### MATERIAL SUPPLIED
___

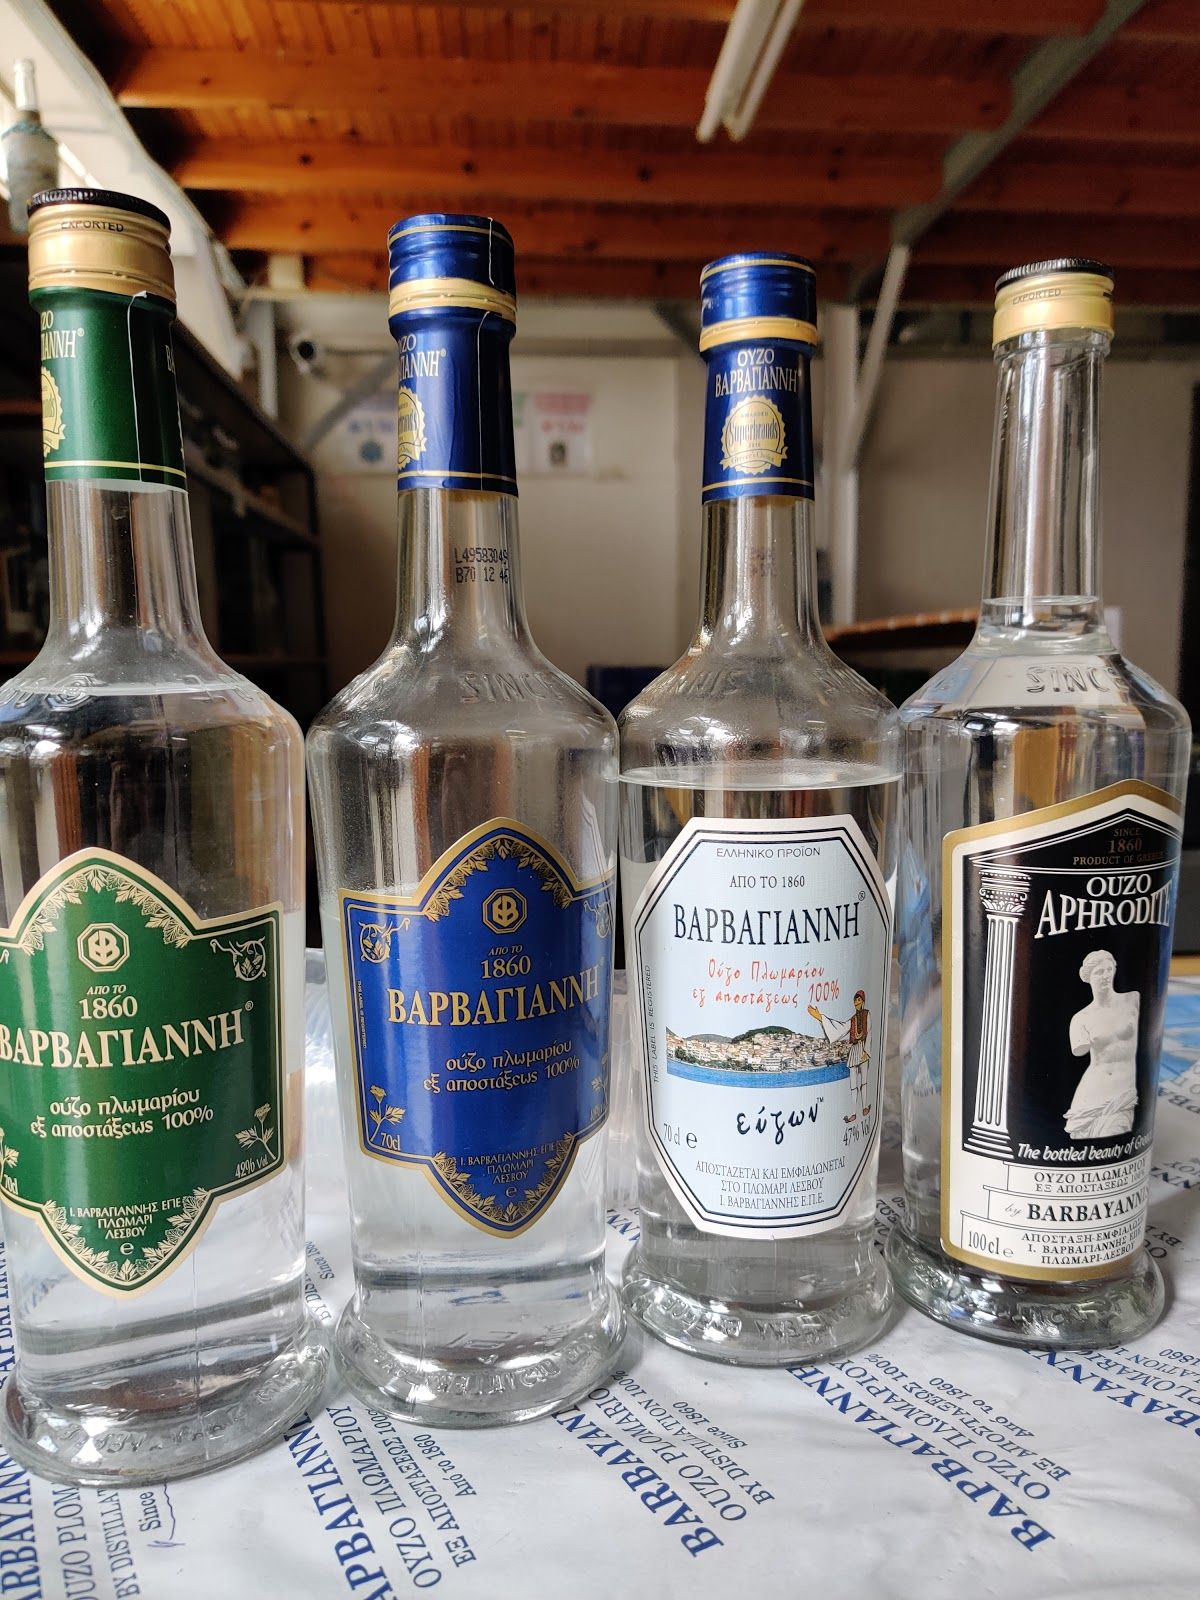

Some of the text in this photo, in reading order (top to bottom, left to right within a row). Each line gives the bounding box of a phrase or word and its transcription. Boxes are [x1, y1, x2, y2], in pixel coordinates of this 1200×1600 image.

[1012, 288, 1062, 305] EXPORTED
[736, 348, 775, 367] ΟΥΖΟ
[1113, 827, 1141, 837] SINCE
[716, 847, 774, 859] ΕΛΛΗΝΙΚΟ
[1107, 837, 1143, 854] 1860
[1072, 855, 1120, 866] PRODUCT
[1123, 854, 1135, 864] OF
[729, 875, 806, 888] ΑΠΟ ΤΟ 1860
[1086, 873, 1152, 897] OUZO
[488, 944, 523, 956] ΑΠΟ ΤΟ
[480, 955, 531, 979] 1860
[86, 983, 127, 996] ΑΠΟ ΤΟ
[644, 965, 655, 1018] REGISTERED
[808, 979, 840, 1003] 100%
[79, 996, 138, 1020] 1860
[446, 1038, 572, 1073] ούζο πλωμαρίου
[446, 1070, 538, 1094] αποστάξεως
[544, 1055, 581, 1080] 100%
[50, 1088, 200, 1119] ούζο πλωμαρίου
[52, 1117, 153, 1139] αποστάξεως
[162, 1105, 214, 1131] 100%
[1017, 1142, 1039, 1160] The
[1043, 1145, 1085, 1162] bottled
[1088, 1143, 1123, 1160] beauty
[1124, 1137, 1135, 1155] of
[235, 1158, 255, 1178] 42%
[486, 1159, 535, 1175] ΠΛΩΜΑΡΙ
[492, 1171, 529, 1185] ΛΕΣΒΟΥ
[695, 1160, 760, 1179] ΑΠΟΣΤΑΖΕΤΑΙ
[762, 1168, 779, 1180] ΚΑΙ
[1034, 1171, 1076, 1184] ΟΥΖΟ
[720, 1177, 824, 1195] ΣΤΟ ΠΛΩΜΑΡΙ ΛΕΣΒΟΥ
[1035, 1184, 1053, 1194] ΕΞ
[77, 1202, 159, 1219] ΒΑΡΒΑΓΙΑΝΝΗΣ
[161, 1197, 182, 1212] ΕΠΕ
[727, 1195, 799, 1210] ΒΑΡΒΑΓΙΑΝΝΗΣ
[1005, 1201, 1021, 1216] by
[97, 1213, 153, 1229] ΠΛΩΜΑΡΙ
[104, 1226, 148, 1240] ΛΕΣΒΟΥ
[867, 1353, 908, 1382] 100%
[929, 1377, 970, 1400] 1860
[672, 1401, 748, 1450] Since 1860
[829, 1359, 1050, 1500] ΟΥΖΟ ΠΛΩΜΑΡΙΟΥ
[413, 1433, 446, 1460] 1860
[612, 1370, 775, 1505] BY DISTILLATION 100%
[588, 1387, 747, 1521] OUZO PLOMARIO
[1032, 1458, 1071, 1482] ΕΞ
[326, 1406, 442, 1589] ΟΥΖΟ ΠΛΩΜΑΡΙΟΥ
[52, 1481, 88, 1546] PLOM
[139, 1490, 162, 1533] Since
[445, 1535, 477, 1568] ΕΞ
[114, 1571, 141, 1600] BY

___

### TASK DIRECTIONS
Reproduce each line in the listing above that mentions the string "ούζο".

### TASK RESPONSE
[446, 1038, 572, 1073] ούζο πλωμαρίου
[50, 1088, 200, 1119] ούζο πλωμαρίου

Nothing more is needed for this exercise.